Letters to the Editor 4-14-23

Attention Hospital CEO’s: Please ‘Share the Wealth’ to Support Bedside Nurses…

Dear Editor,

     Nurses have been long overdue for better salaries and the accommodation of on-site call rooms. Hospitals generate billions of dollars in revenue annually.  Hospital CEO’s receive salaries that range from $1 to $7 million annually. Is sitting in an executive suite of a hospital behind a mahogany desk, floors away from the frenetic patient care taking place 24/7 really worth a salary of $1 to $7 million dollars per year?  How much would a safe on-site overnight suite for nurses including beds and shower facilities cost? Could those million-dollar CEO salaries instead go toward significantly increasing bedside nursing salaries? Could hospital CEO’s find it in them to “share the wealth“ to improve the working conditions and life of the bedside nurse?

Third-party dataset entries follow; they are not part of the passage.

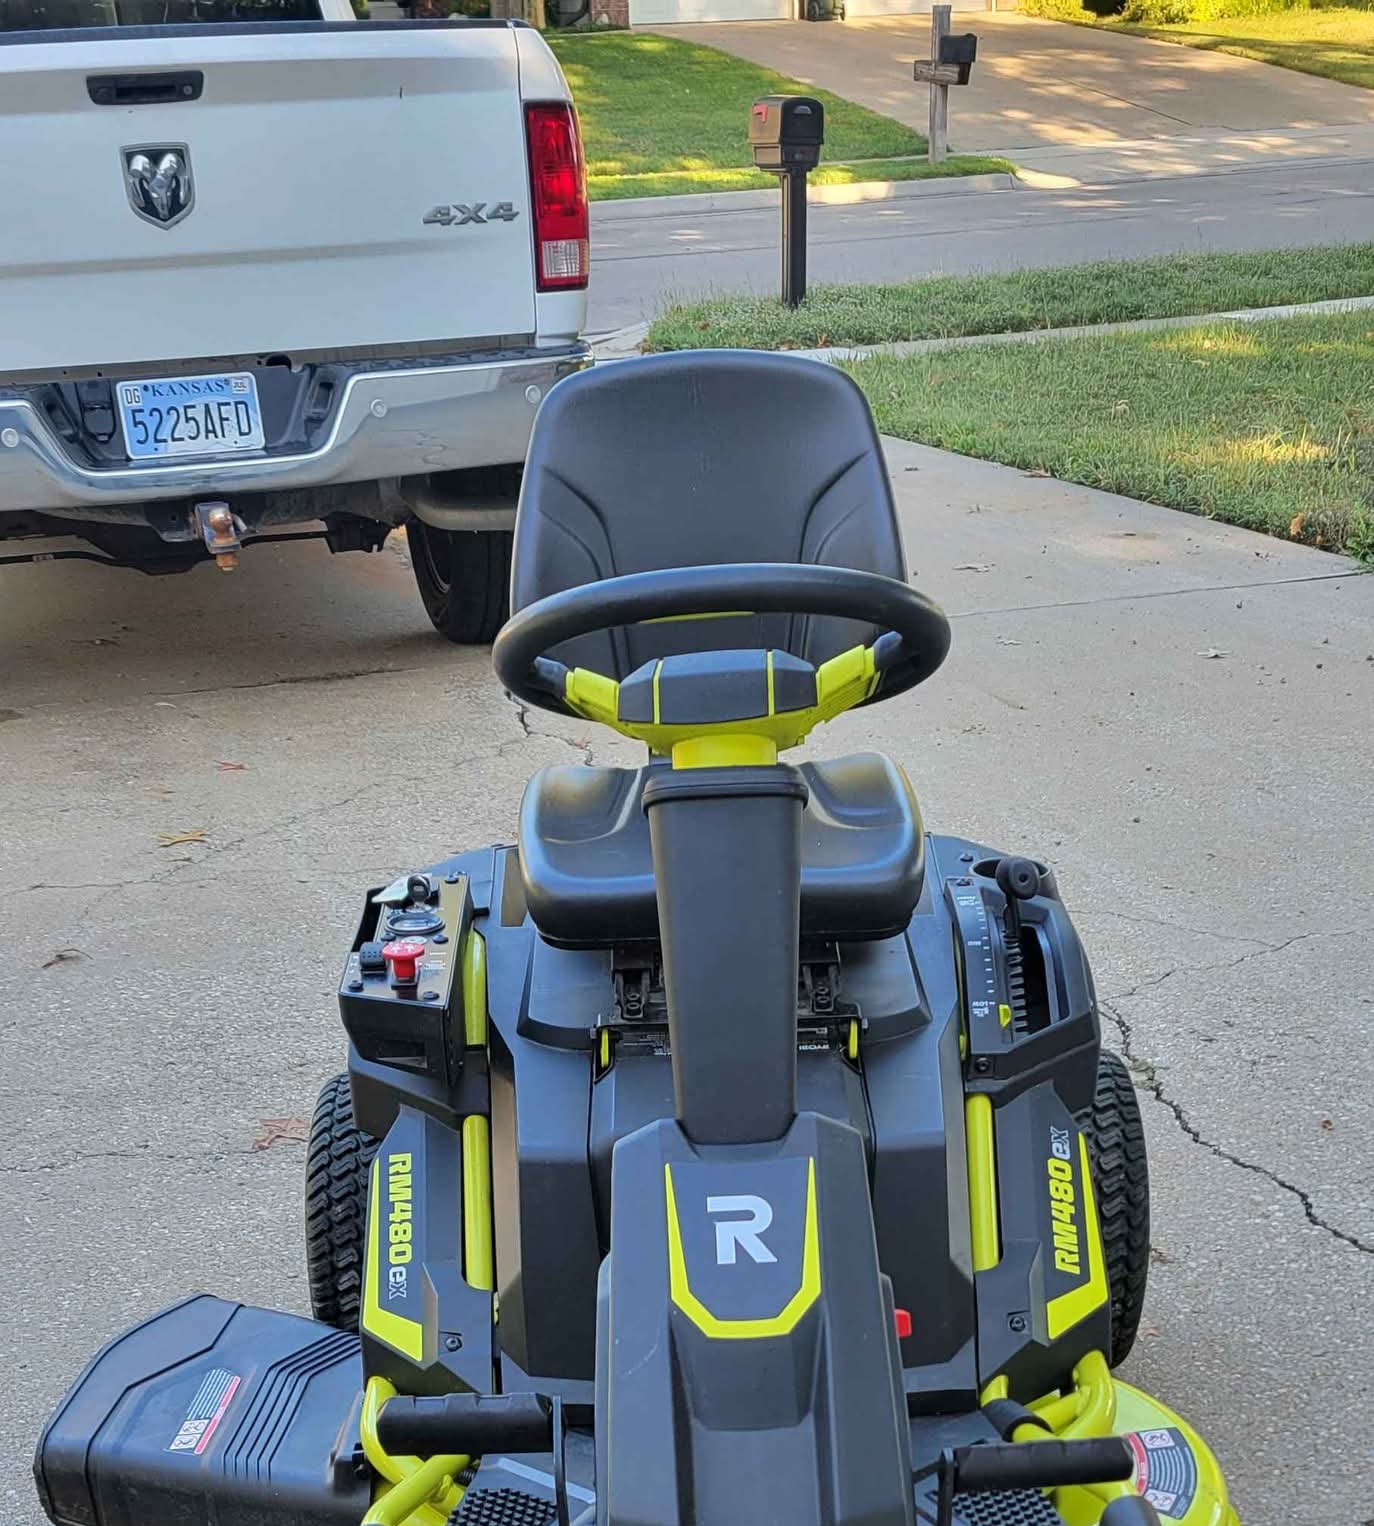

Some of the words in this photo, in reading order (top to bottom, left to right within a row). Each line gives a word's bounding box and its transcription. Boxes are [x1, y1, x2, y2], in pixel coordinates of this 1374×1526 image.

[422, 202, 520, 226] 4X4
[124, 387, 141, 404] DG
[150, 379, 225, 397] KANSAS
[130, 400, 252, 445] 5225AFD
[706, 1194, 778, 1264] R

     Nurses are leaving bedside nursing in hospitals at alarming rates. Bedside nursing work is stressful both physically and mentally. Staffing and scheduling challenges plague the nursing profession.

     Hospitals need to make improvements to the poor work environment that often leads to nursing burnout and turnover. Due to continual understaffing, nurses feel like they are constantly on call, even if they are not.  In order to attract more nurses to working in hospital settings, hospital environments are going to have to become more attractive for nurses. This means incentives such as increase in salaries and providing on-site nurse call rooms. If hospitals want to recruit and retain the nursing workforce needed to provide optimal patient care, they must offer nurses more than a pat on the back and the occasional 10 boxes of pizza lunches.

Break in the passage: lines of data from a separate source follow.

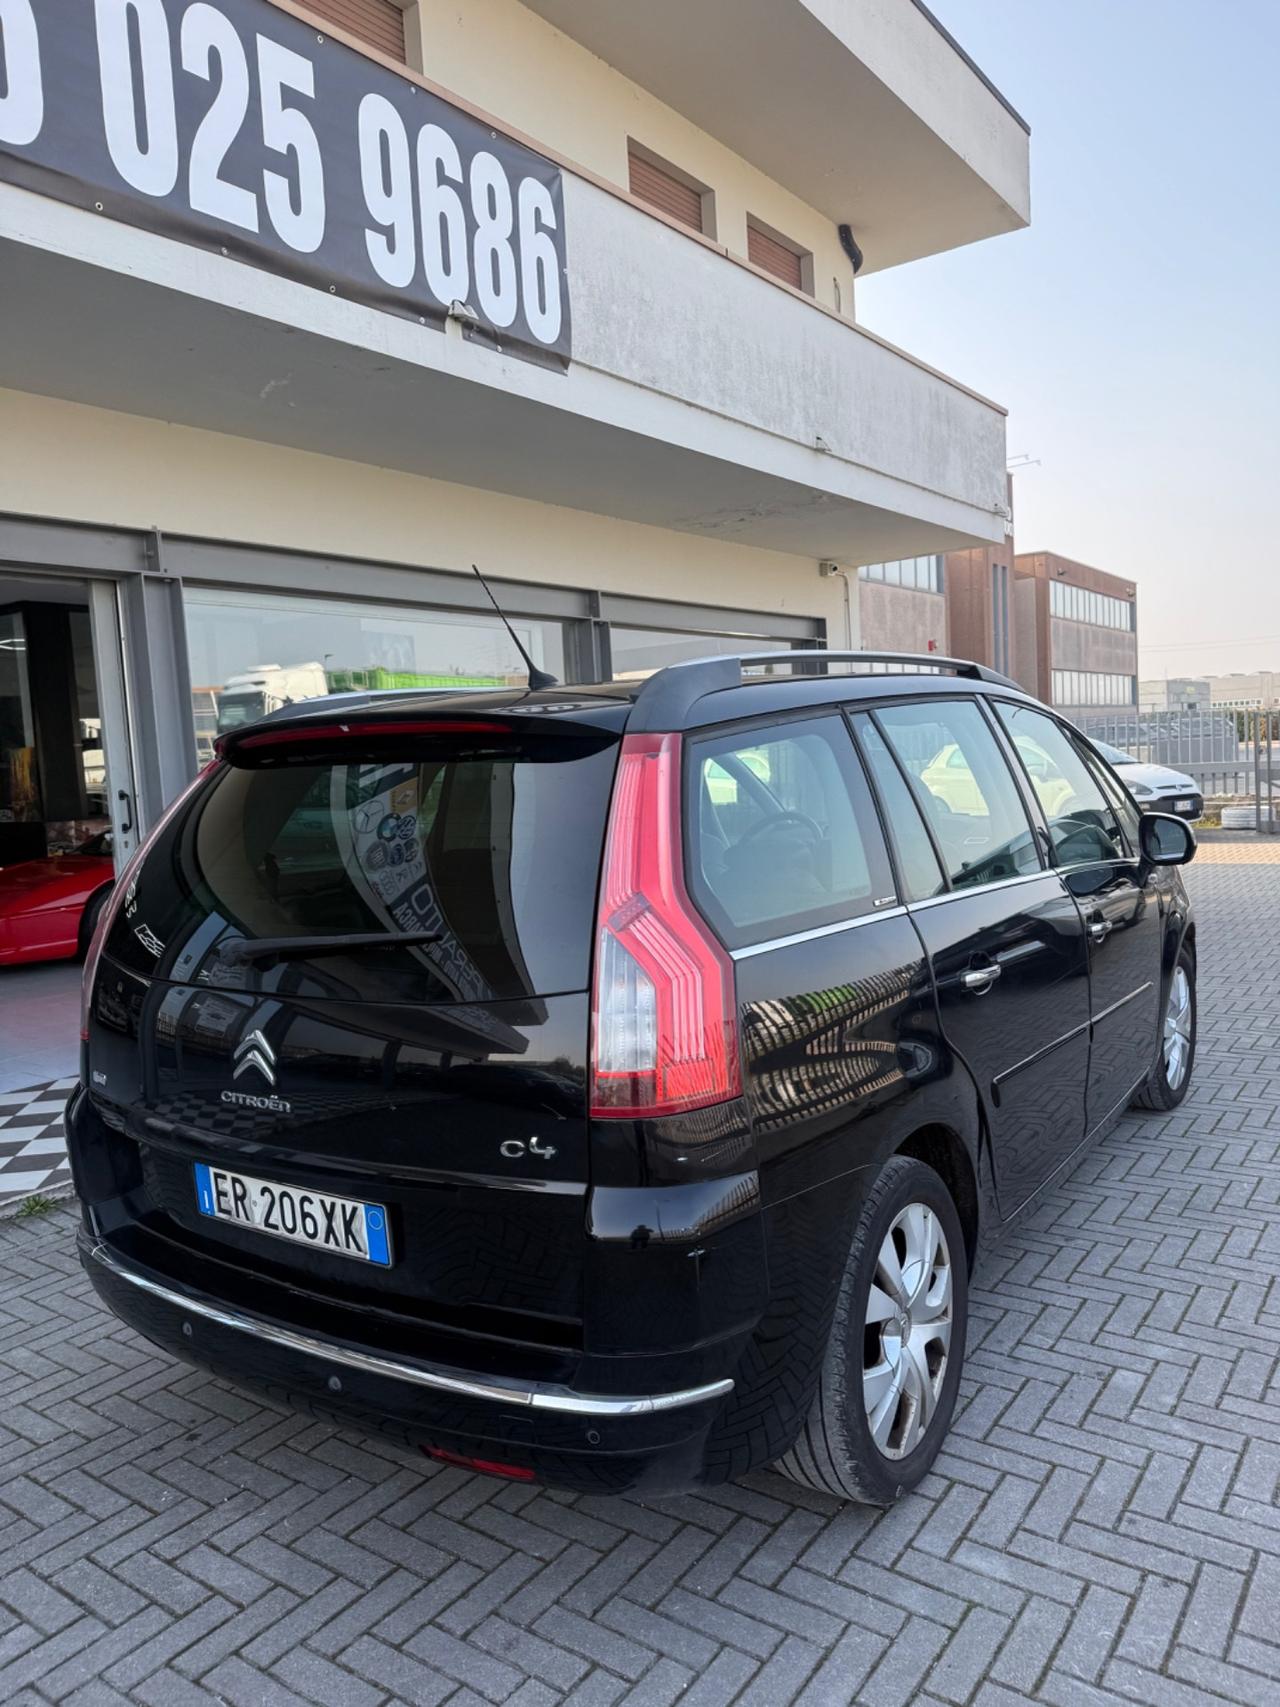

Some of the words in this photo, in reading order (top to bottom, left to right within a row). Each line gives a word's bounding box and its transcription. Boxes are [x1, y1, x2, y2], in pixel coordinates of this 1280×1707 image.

[95, 0, 326, 253] 025
[358, 92, 562, 345] 9686
[220, 1090, 291, 1113] CITROËN
[500, 1136, 556, 1159] C4
[213, 1171, 251, 1222] ER

     Many nurses travel to large Boston hospitals from Cape Cod, Rhode Island, New Hampshire, Maine, Vermont and they sometimes work double and triple shifts.  Nurses often resign from their positions at hospitals for a variety of reasons such as understaffing, stressful conditions and lousy pay scales.  However, many nurses resign due to costly parking fees and commuting long hours for their 12 hour shifts. Many younger new nurses have mounds of student loan debt and are unable to afford hotels for overnite stays due to a long commute. They instead, sometimes sleep overnight in their cars in order to make the next early morning 12 hour grueling shift. 

     Hospitals have always provided residents and MD’s overnight on call rooms within the hospital, rightly so, given their busy schedules and overnight on call duties. However, nurses are not provided with safe, overnight on-call rooms within hospitals. If anything proved there is a need for this it was the COVID pandemic.  In order to recruit, retain and accommodate nurses for unexpected double and triple shifts, they should be generously compensated and be provided with safe, on-site overnite nursing call rooms within the hospital at no cost. 

     Nurses are the lifeblood of any hospital. MD’s and nurses work hand and hand and hospitals cannot function effectively without both.  Therefore, hospital CEO’s should be making efforts to support the bedside nurse with what they need and deserve to perform their jobs well. Providing a significant increase in salary and on call overnight accommodations would help in the short term and long term to recruit and retain highly skilled nurses.  Nurses do not need more pizza or “Cookie Appreciation Days” in appreciation for their work.  Bedside nurses need and deserve to be paid well for the backbreaking, exhausting, physical, mental and emotional work they perform on a daily basis. So hospital CEO’s, how about “sharing the wealth” to support bedside nurses?

            Mary Beth Muckian, BSN, RN is a graduate of Boston College and Regis College. She has been a nurse for 17 years  and currently works as a Utilization Review Manager. She has worked over her nursing career in the areas of bedside nursing,  Nursing Research and Occupational Health Nursing.